WORK TO COMPLETE: The records below are to be reproduced exactly, and no picture should appear in the copy.

********

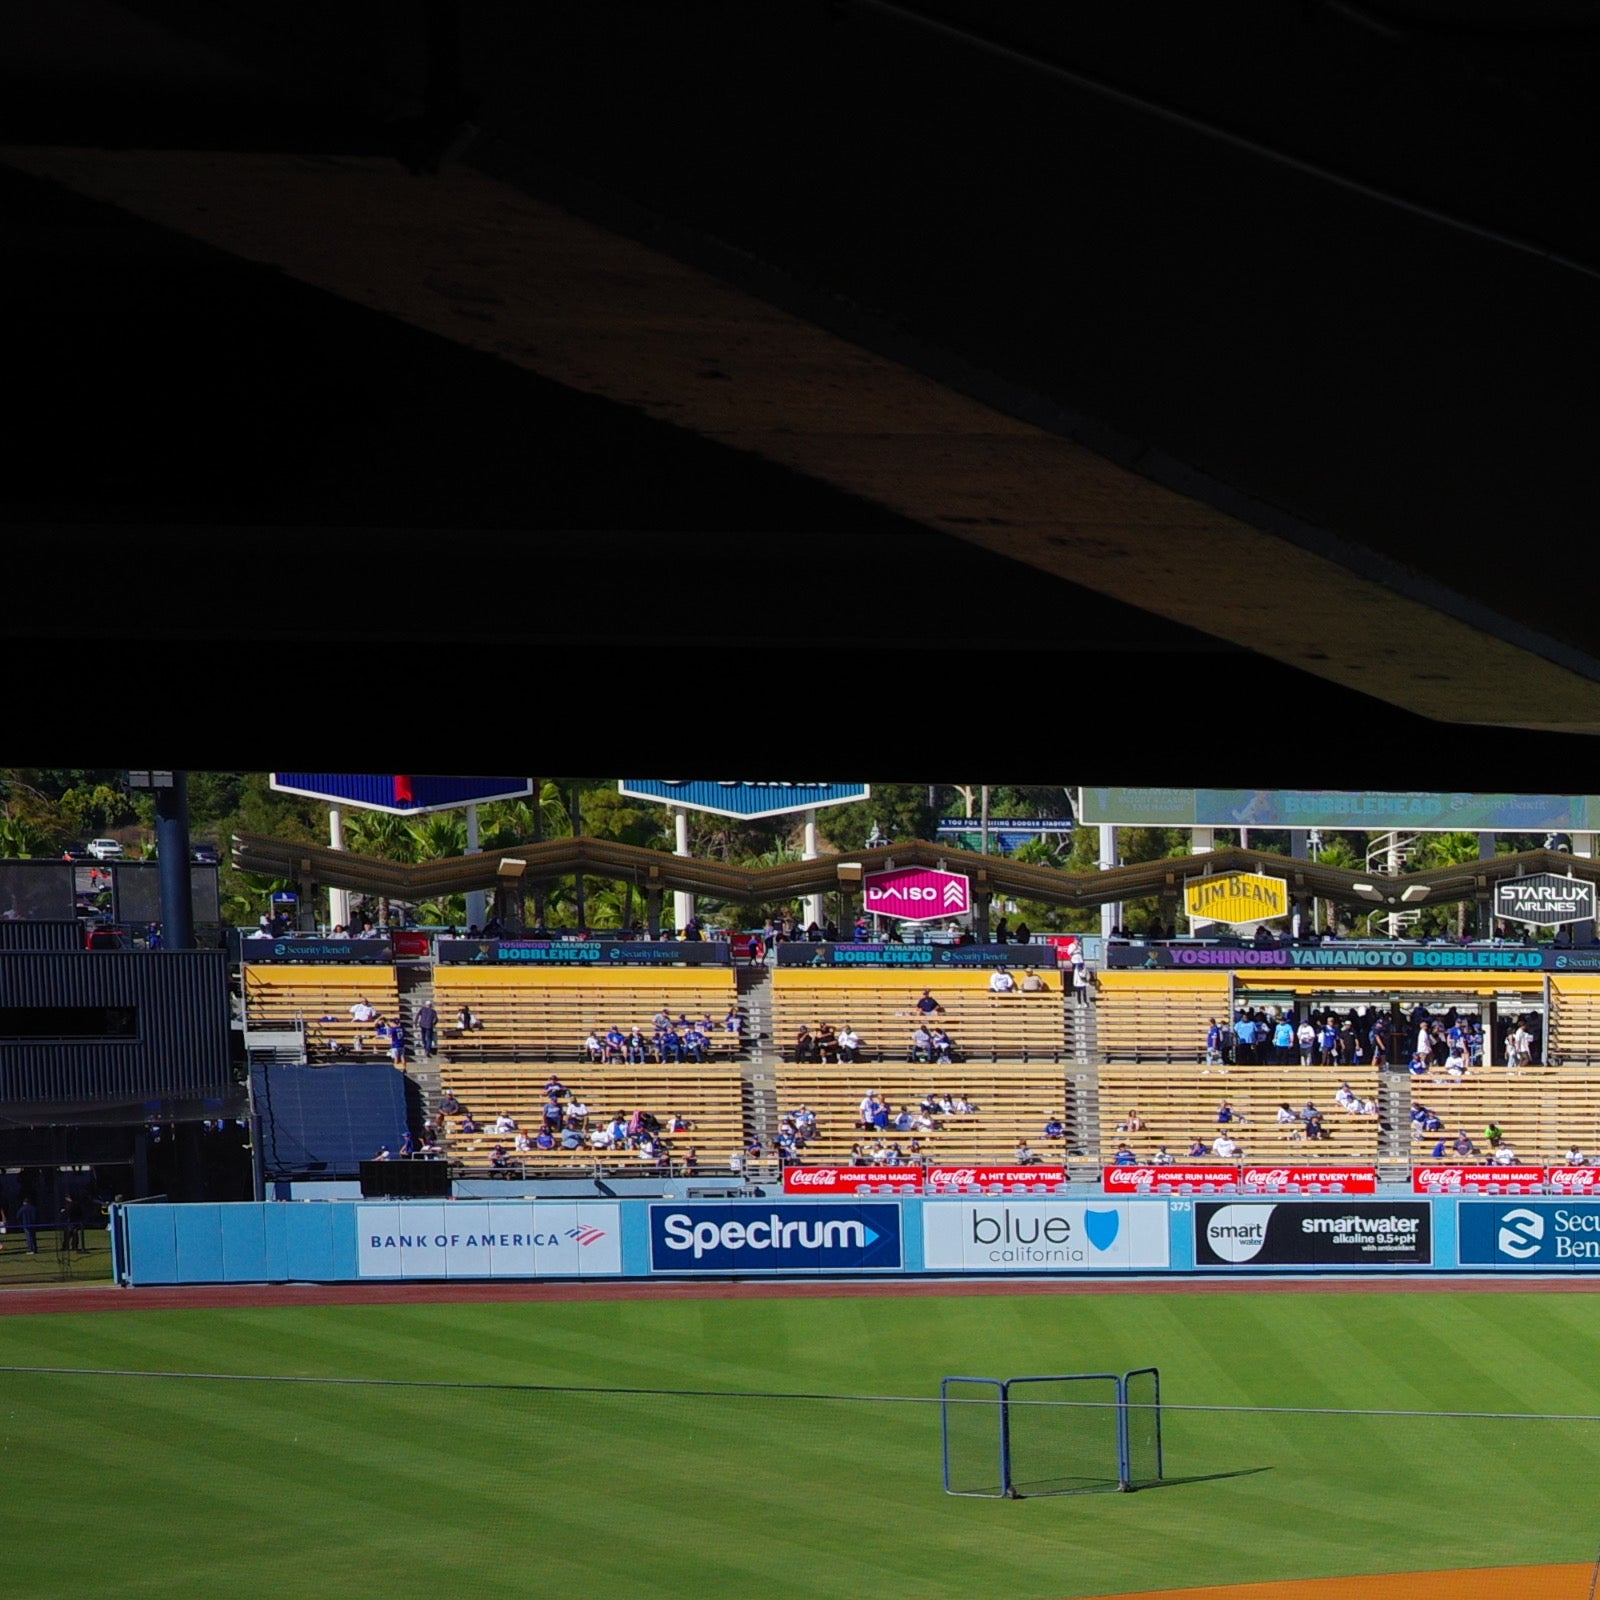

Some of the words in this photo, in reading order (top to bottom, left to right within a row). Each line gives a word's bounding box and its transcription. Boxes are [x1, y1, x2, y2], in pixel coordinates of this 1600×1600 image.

[1285, 797, 1443, 816] BOBBLEHEAD
[869, 886, 938, 901] DAISO
[1192, 884, 1225, 912] JIM
[1229, 876, 1278, 908] BEAM
[1500, 886, 1589, 901] STARLUX
[1514, 902, 1577, 912] AIRLINES
[287, 944, 320, 956] Security
[322, 944, 351, 955] Benefit
[499, 948, 600, 960] BOBBLEHEAD
[834, 951, 932, 963] BOBBLEHEAD
[1169, 950, 1287, 965] YOSHINOBU
[1290, 951, 1406, 966] YAMAMOTO
[1413, 951, 1543, 967] BOBBLEHEAD
[790, 1169, 838, 1185] Coca-Cola
[840, 1173, 867, 1181] HOME
[868, 1173, 887, 1181] RUN
[888, 1173, 917, 1181] MAGIC
[930, 1169, 977, 1184] Coca-Cola
[1110, 1169, 1155, 1185] Coca-Cola
[1158, 1173, 1183, 1181] HOME
[1185, 1173, 1203, 1181] RUN
[1205, 1173, 1233, 1181] MAGIC
[1245, 1169, 1290, 1185] Coca-Cola
[1293, 1173, 1300, 1181] A
[1301, 1173, 1317, 1181] HIT
[1319, 1173, 1349, 1181] EVERY
[1350, 1173, 1373, 1181] TIME
[1418, 1169, 1464, 1184] Coca-Cola
[1465, 1173, 1490, 1181] HOME
[1491, 1173, 1510, 1181] RUN
[1511, 1173, 1538, 1181] MAGIC
[1551, 1169, 1597, 1184] Coca-Cola
[1170, 1202, 1191, 1212] 375
[973, 1208, 1071, 1244] blue
[1210, 1223, 1263, 1239] smart
[1301, 1215, 1420, 1234] smartwater
[371, 1235, 428, 1248] BANK
[434, 1235, 460, 1248] OF
[466, 1233, 560, 1247] AMERICA
[664, 1213, 865, 1259] Spectrum
[1239, 1238, 1263, 1246] water
[1332, 1233, 1375, 1244] alkaline
[1376, 1233, 1416, 1245] 9.5+pH
[989, 1246, 1084, 1262] california
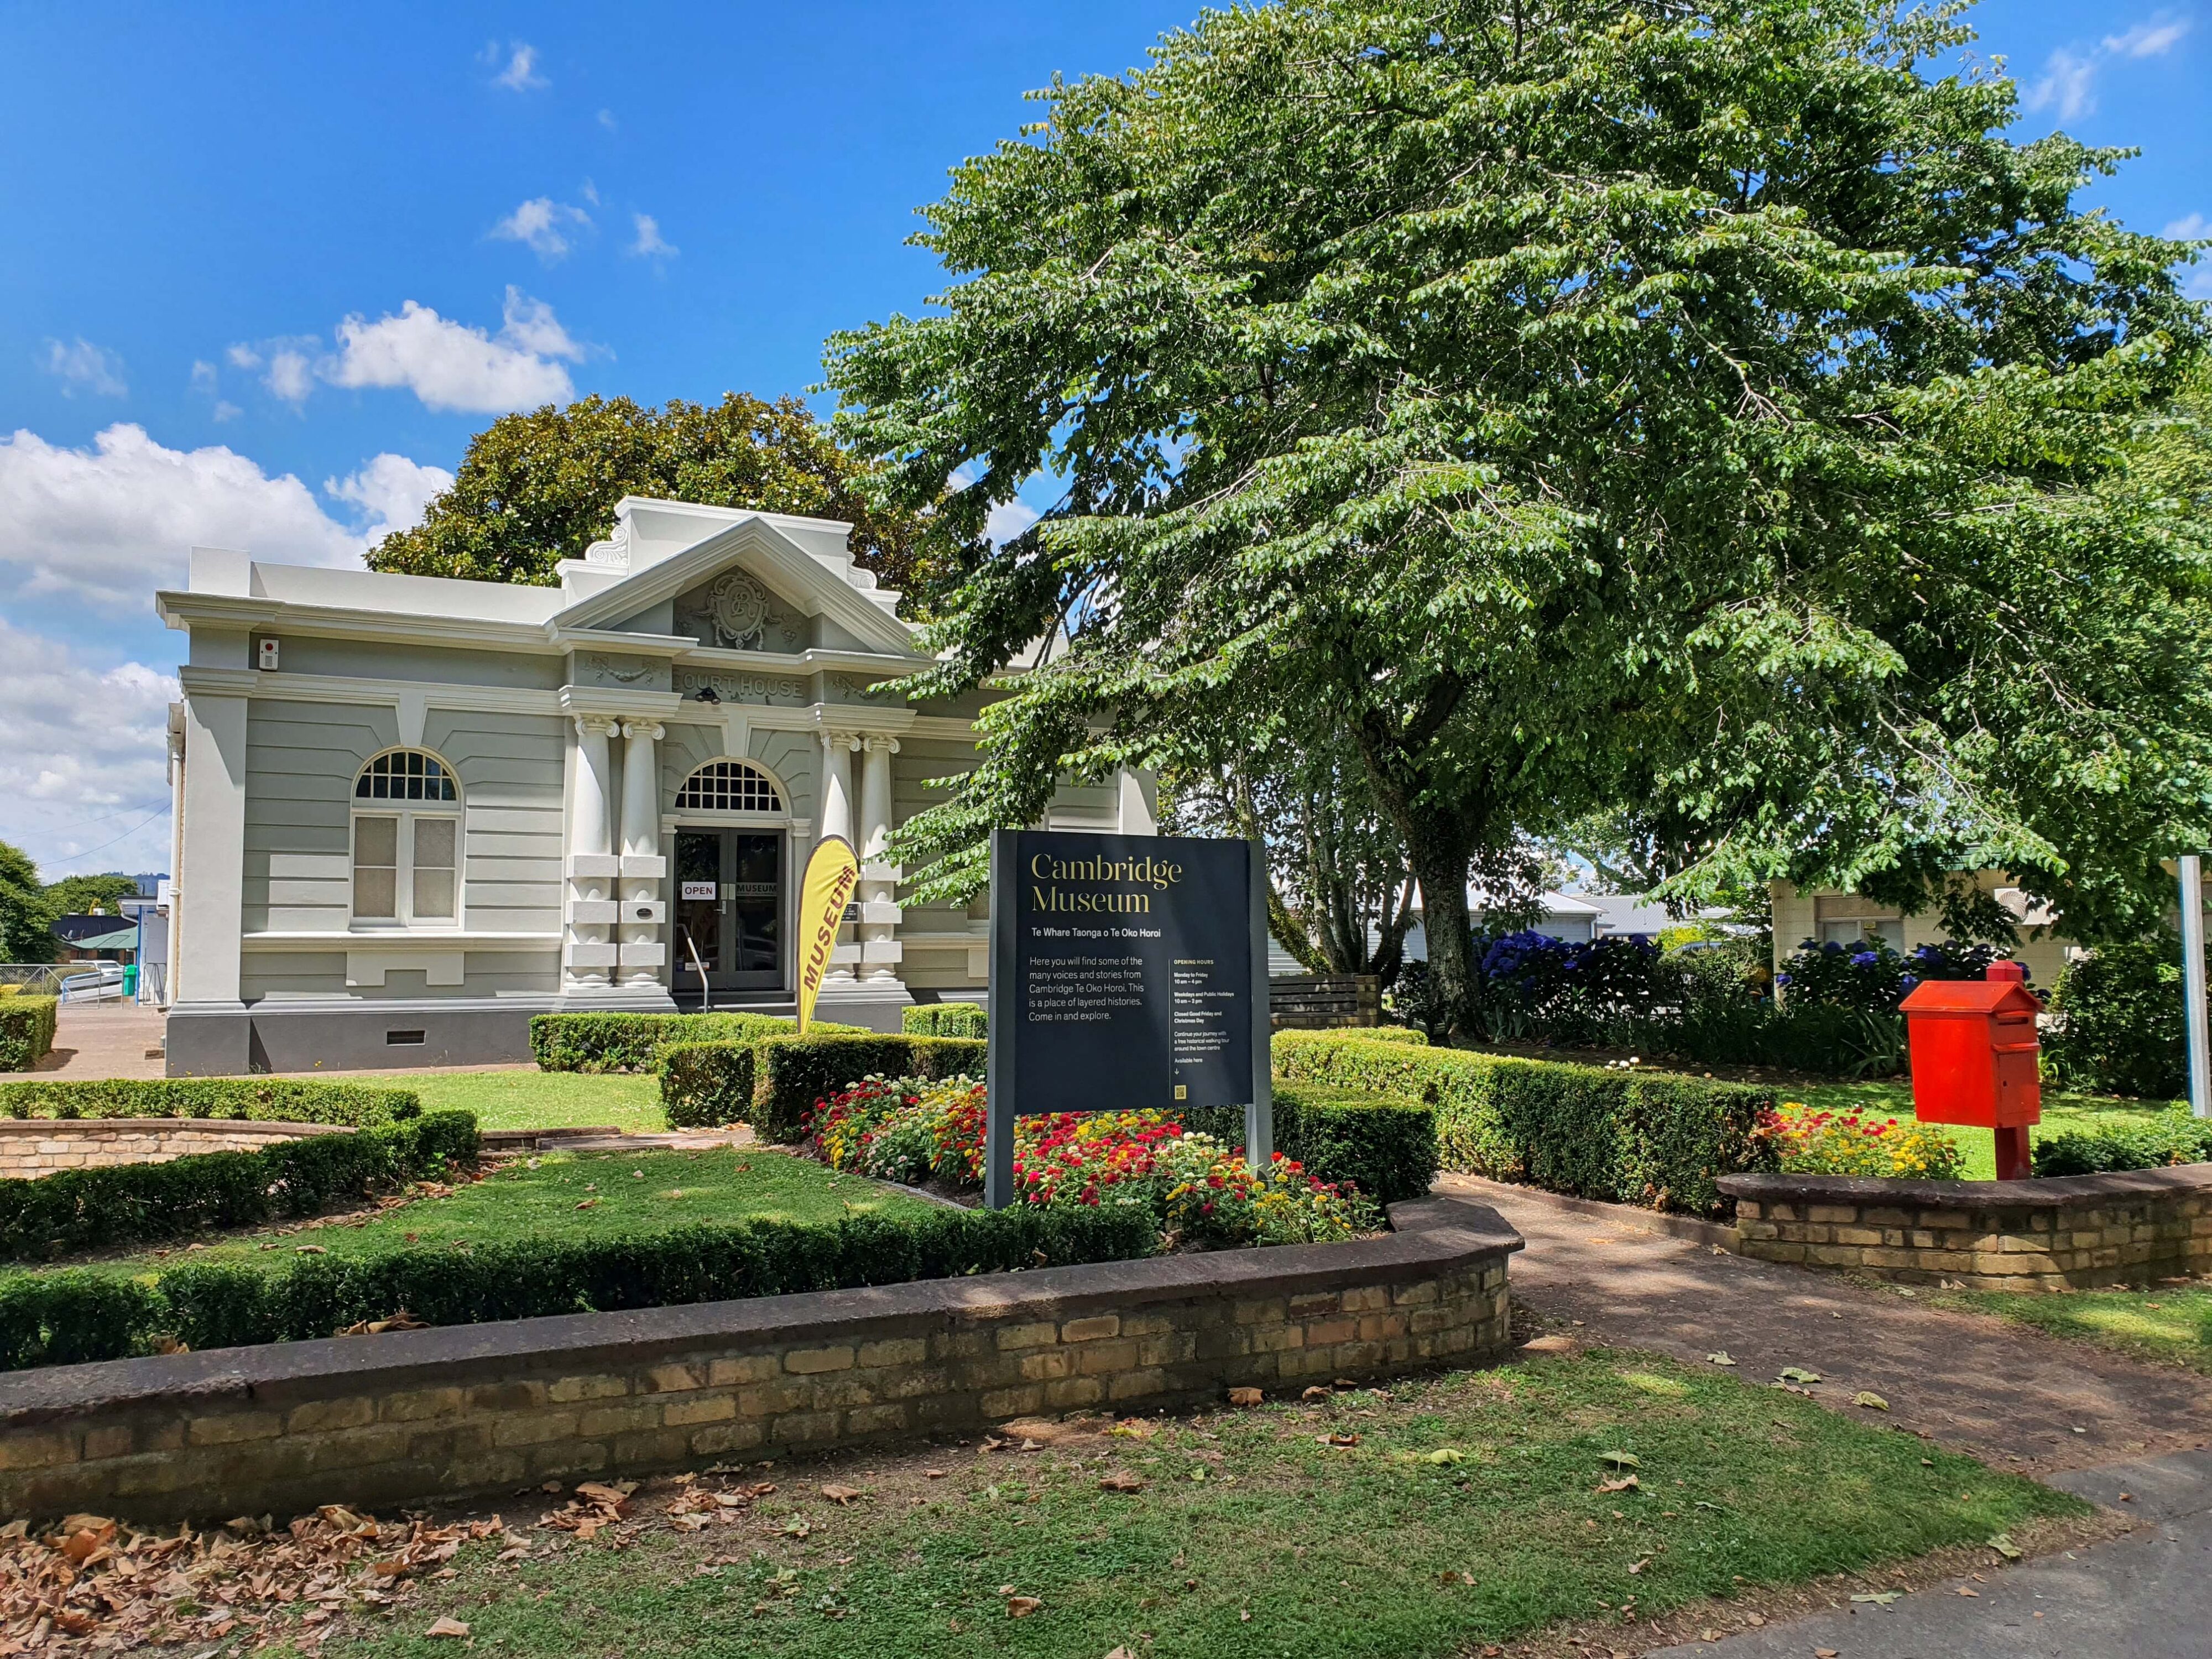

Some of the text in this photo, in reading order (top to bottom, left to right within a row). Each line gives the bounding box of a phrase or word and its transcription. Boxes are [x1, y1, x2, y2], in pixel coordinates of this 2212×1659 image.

********

ANSWER TO THE EXERCISE:
Some of the words in this photo, in reading order (top to bottom, left to right within a row). Each line gives a word's bounding box and its transcription. Boxes are [x1, y1, x2, y2], in pixel coordinates of this 1600×1600 image.

[1285, 797, 1443, 816] BOBBLEHEAD
[869, 886, 938, 901] DAISO
[1192, 884, 1225, 912] JIM
[1229, 876, 1278, 908] BEAM
[1500, 886, 1589, 901] STARLUX
[1514, 902, 1577, 912] AIRLINES
[287, 944, 320, 956] Security
[322, 944, 351, 955] Benefit
[499, 948, 600, 960] BOBBLEHEAD
[834, 951, 932, 963] BOBBLEHEAD
[1169, 950, 1287, 965] YOSHINOBU
[1290, 951, 1406, 966] YAMAMOTO
[1413, 951, 1543, 967] BOBBLEHEAD
[790, 1169, 838, 1185] Coca-Cola
[840, 1173, 867, 1181] HOME
[868, 1173, 887, 1181] RUN
[888, 1173, 917, 1181] MAGIC
[930, 1169, 977, 1184] Coca-Cola
[1110, 1169, 1155, 1185] Coca-Cola
[1158, 1173, 1183, 1181] HOME
[1185, 1173, 1203, 1181] RUN
[1205, 1173, 1233, 1181] MAGIC
[1245, 1169, 1290, 1185] Coca-Cola
[1293, 1173, 1300, 1181] A
[1301, 1173, 1317, 1181] HIT
[1319, 1173, 1349, 1181] EVERY
[1350, 1173, 1373, 1181] TIME
[1418, 1169, 1464, 1184] Coca-Cola
[1465, 1173, 1490, 1181] HOME
[1491, 1173, 1510, 1181] RUN
[1511, 1173, 1538, 1181] MAGIC
[1551, 1169, 1597, 1184] Coca-Cola
[1170, 1202, 1191, 1212] 375
[973, 1208, 1071, 1244] blue
[1210, 1223, 1263, 1239] smart
[1301, 1215, 1420, 1234] smartwater
[371, 1235, 428, 1248] BANK
[434, 1235, 460, 1248] OF
[466, 1233, 560, 1247] AMERICA
[664, 1213, 865, 1259] Spectrum
[1239, 1238, 1263, 1246] water
[1332, 1233, 1375, 1244] alkaline
[1376, 1233, 1416, 1245] 9.5+pH
[989, 1246, 1084, 1262] california

Some of the text in this photo, in reading order (top to bottom, left to right within a row). Each line gives the bounding box of a phrase or word and its transcription. Boxes are [x1, y1, x2, y2], in pixel coordinates of this 2212×1659 image.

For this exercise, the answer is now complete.